I have a bootable FreeBSD 7 iso, which I would like to edit. However, after the edit and recreation of the new iso, the bootable image seems corrupt. I can't login as root unless I change the shell from csh(1) to sh(1) and can't get DHCP since some file systems are not writable anymore. When I burn the original iso, all seems fine.

Here is what I have done.

```
mkdir bsdimage
cd bsdimage
tar xvf ../freebsd7.iso
<add new file to bin directory>
mkisofs -b boot/cdboot -no-emul-boot -J -o ../newfreebsd7.iso -R -V BSD_RECOVERY_DISK -iso-level 3 .
```
Now, when I burn the new image on a CD and try to boot, it has the problems mentioned earlier.

Any ideas? Maybe the tar(1) command corrupts something...

Thanks


----------



## numpad5 (Sep 11, 2012)

Have a look at "-p" option in tar manpage, just a guess but that might be the problem.


----------



## wshpoon (Sep 11, 2012)

*That didn't work*



			
				numpad5 said:
			
		

> Have a look at "-p" option in tar manpage, just a guess but that might be the problem.

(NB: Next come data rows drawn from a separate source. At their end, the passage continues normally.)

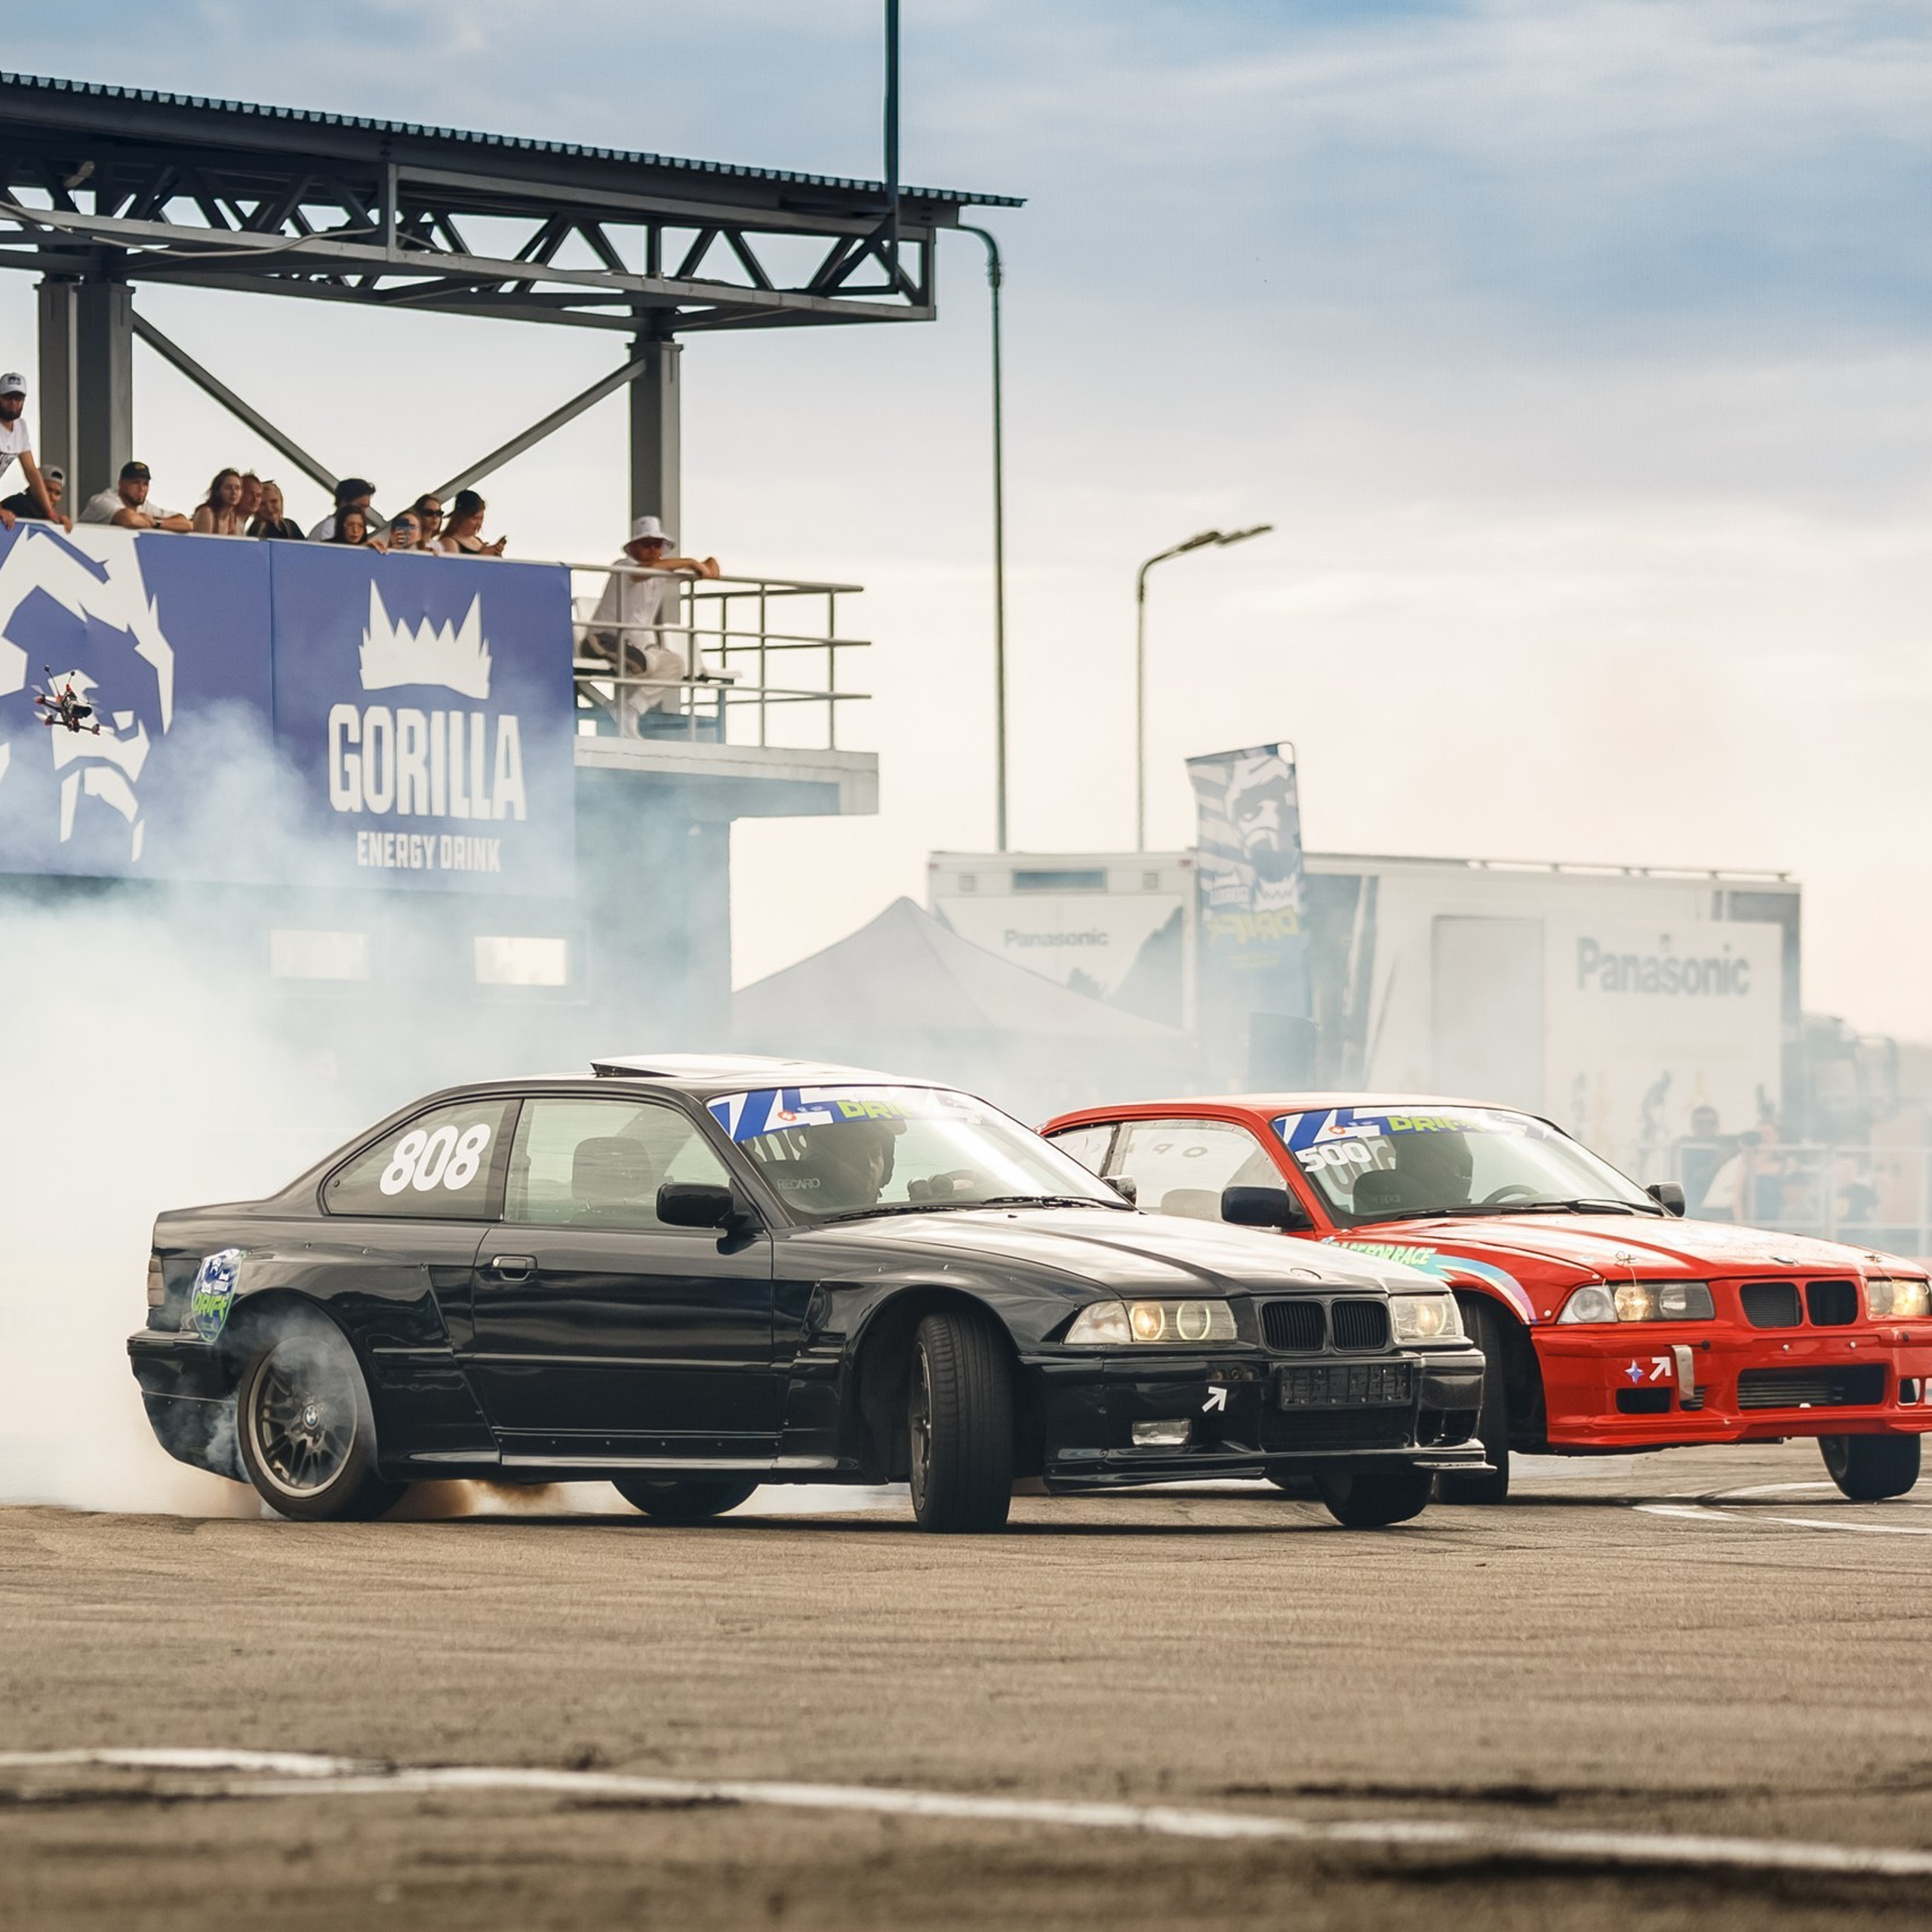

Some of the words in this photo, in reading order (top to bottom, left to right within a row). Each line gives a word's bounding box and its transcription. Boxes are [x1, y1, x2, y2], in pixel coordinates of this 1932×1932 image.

[328, 703, 527, 820] GORILLA
[357, 832, 437, 869] ENERGY
[440, 835, 501, 872] DRINK
[1004, 928, 1109, 948] Panasonic
[1577, 937, 1751, 996] Panasonic
[380, 1124, 491, 1195] 808
[1295, 1142, 1372, 1173] 500
[777, 1177, 820, 1190] RECARO
[195, 1290, 228, 1321] DRIFT
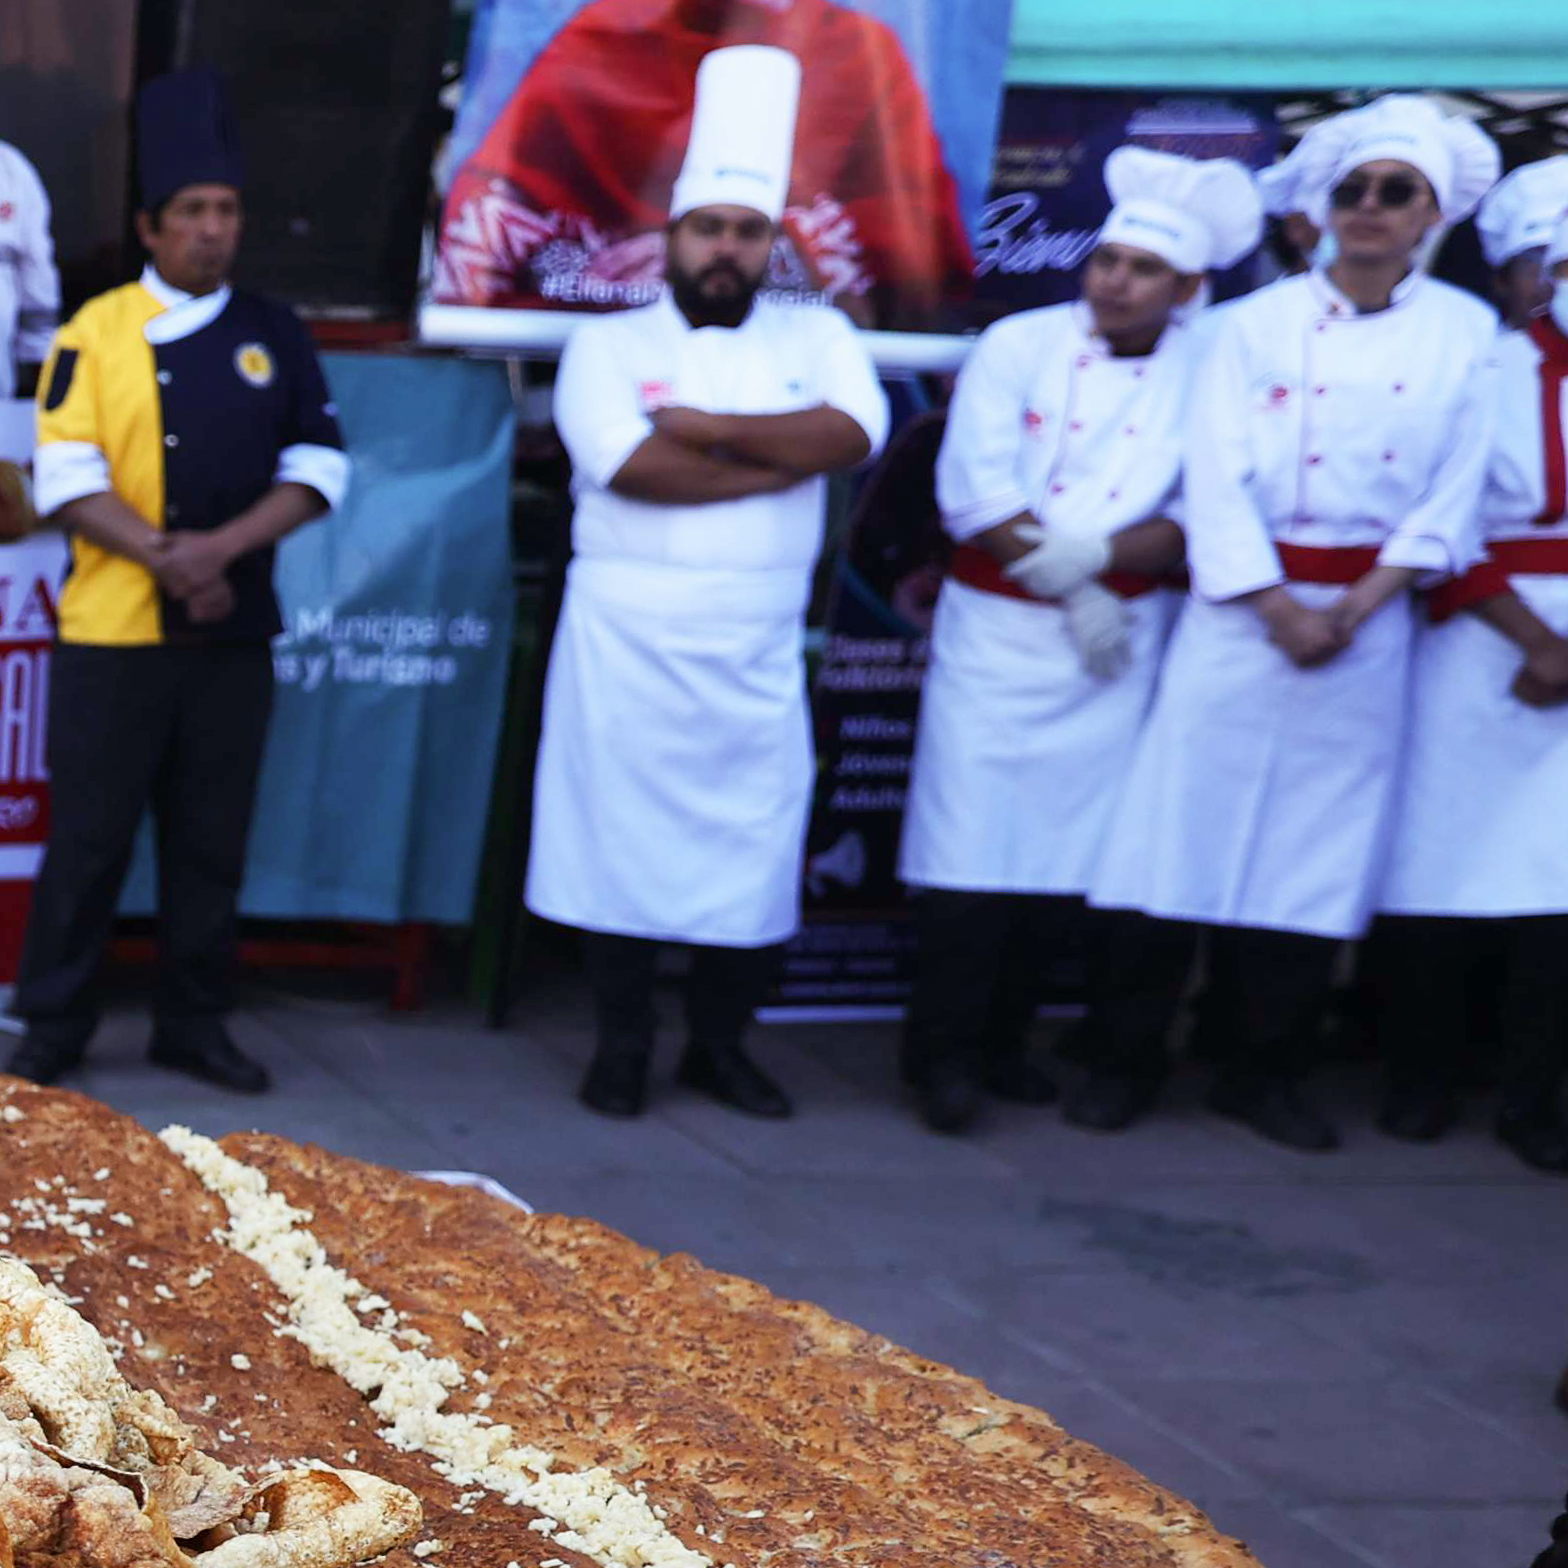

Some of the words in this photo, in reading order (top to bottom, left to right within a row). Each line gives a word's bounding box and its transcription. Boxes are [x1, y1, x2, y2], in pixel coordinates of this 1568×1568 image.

[295, 606, 446, 648] Municipal
[448, 610, 491, 649] de
[299, 655, 330, 693] y
[333, 646, 459, 686] Turismo
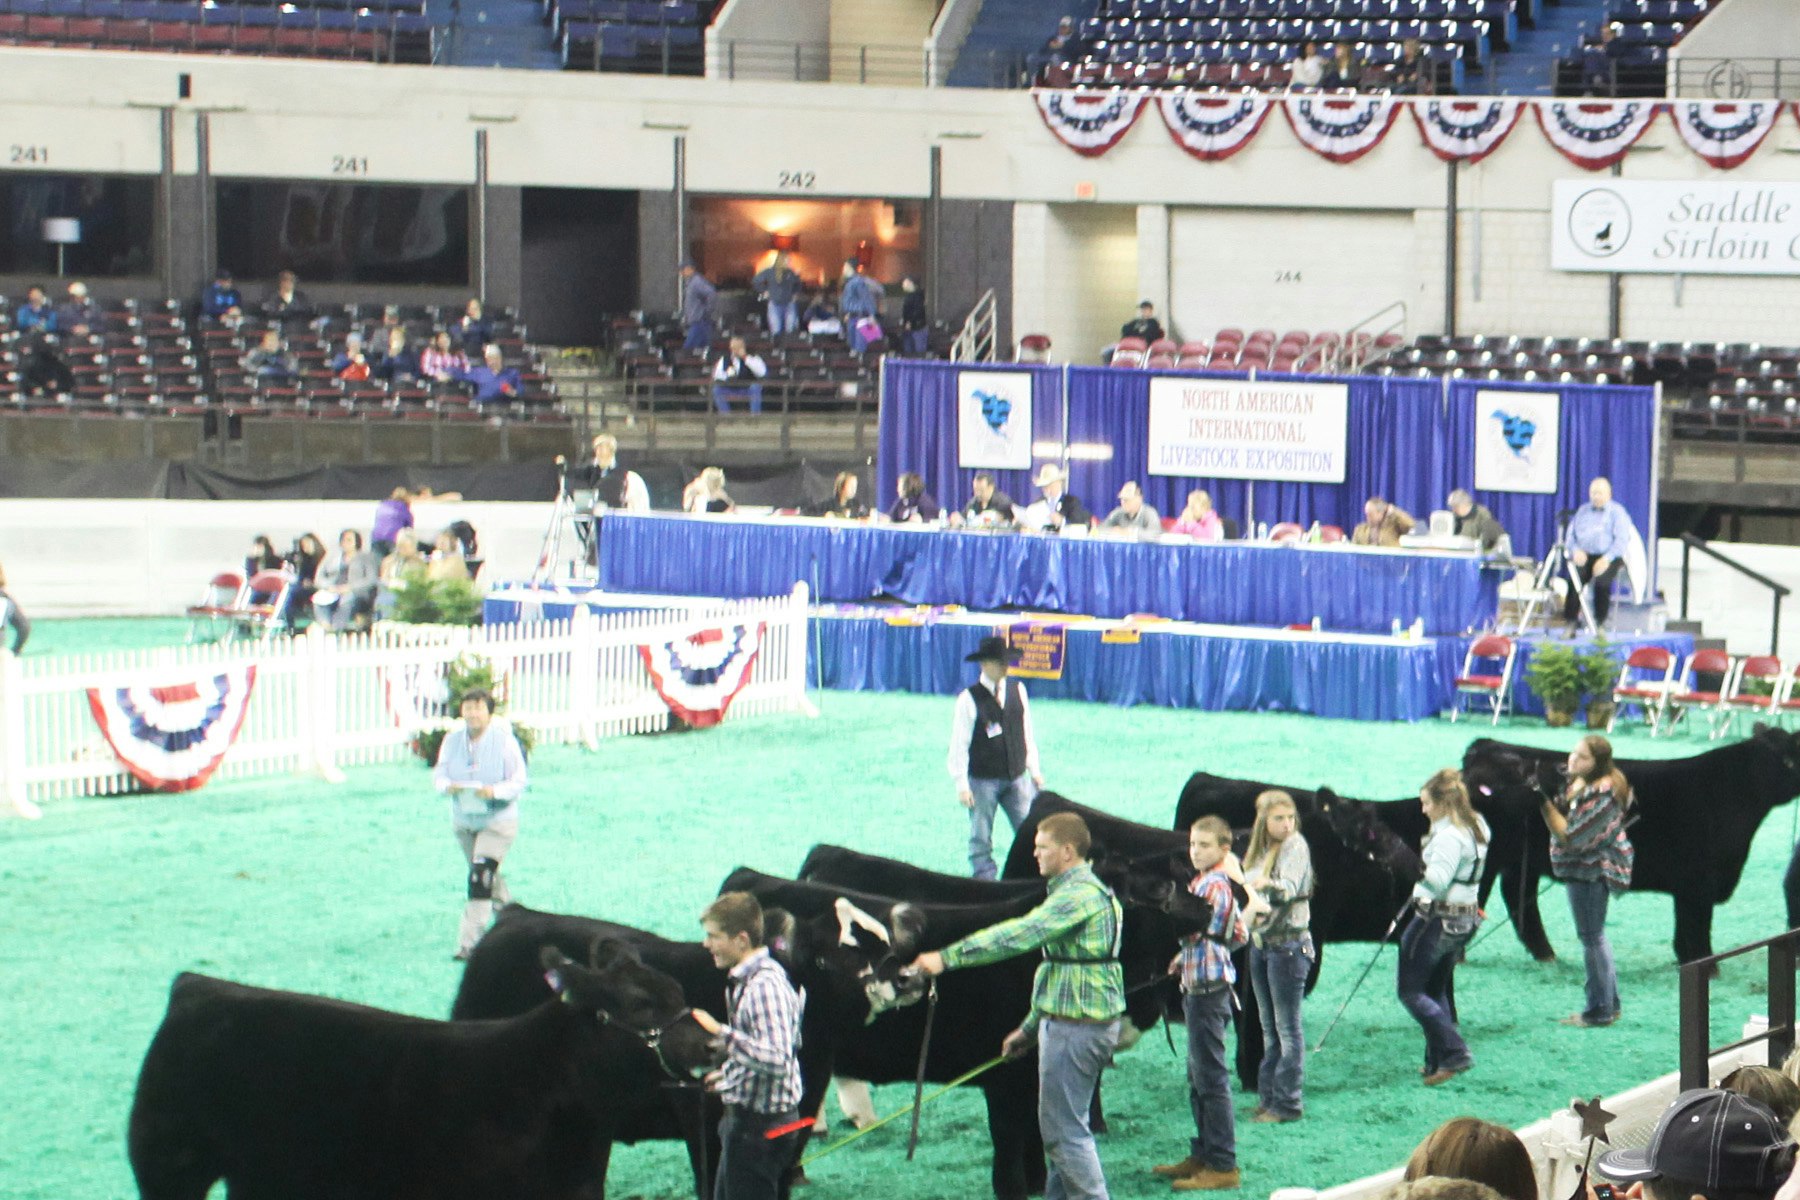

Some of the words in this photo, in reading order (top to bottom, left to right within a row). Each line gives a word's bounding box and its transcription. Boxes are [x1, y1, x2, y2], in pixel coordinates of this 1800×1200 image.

[10, 146, 48, 163] 241
[332, 156, 368, 174] 241
[779, 171, 816, 188] 242
[1669, 190, 1791, 224] Saddle
[1653, 226, 1768, 260] Sirloin
[1182, 388, 1230, 411] NORTH
[1236, 391, 1315, 415] AMERICAN
[1188, 418, 1306, 443] INTERNATIONAL
[1160, 445, 1240, 469] LIVESTOCK
[1246, 448, 1334, 473] EXPOSITION

Thanks for the replay, but I still have the same problems. It still complains that /var/db is readonly and I can't login as root and I can't get a dhcp address.


----------



## Majorix (Sep 11, 2012)

Is there a particular reason you want to install a legacy version of FreeBSD? 7.x will soon become unsupported. Also, what are you adding to your .iso?


----------



## Beastie (Sep 12, 2012)

Perhaps it has to do with a certain game server starting with the letter "M"...


----------



## wshpoon (Sep 12, 2012)

Majorix said:
			
		

> Is there a particular reason you want to install a legacy version of FreeBSD? 7.x will soon become unsupported. Also, what are you adding to your .iso?



This is just a boot recovery disk and not an installation disk and I don't think it will make a difference about the version. I am just adding a shell script to the bin directory.


----------



## wshpoon (Sep 12, 2012)

Beastie said:
			
		

> Perhaps it has to do with a certain game server starting with the letter "M"...



Not sure what you mean, but it doesn't have anything to do with any gaming. I just want to add a shell script to hardened freebsd 7 bootable iso and then burn it. 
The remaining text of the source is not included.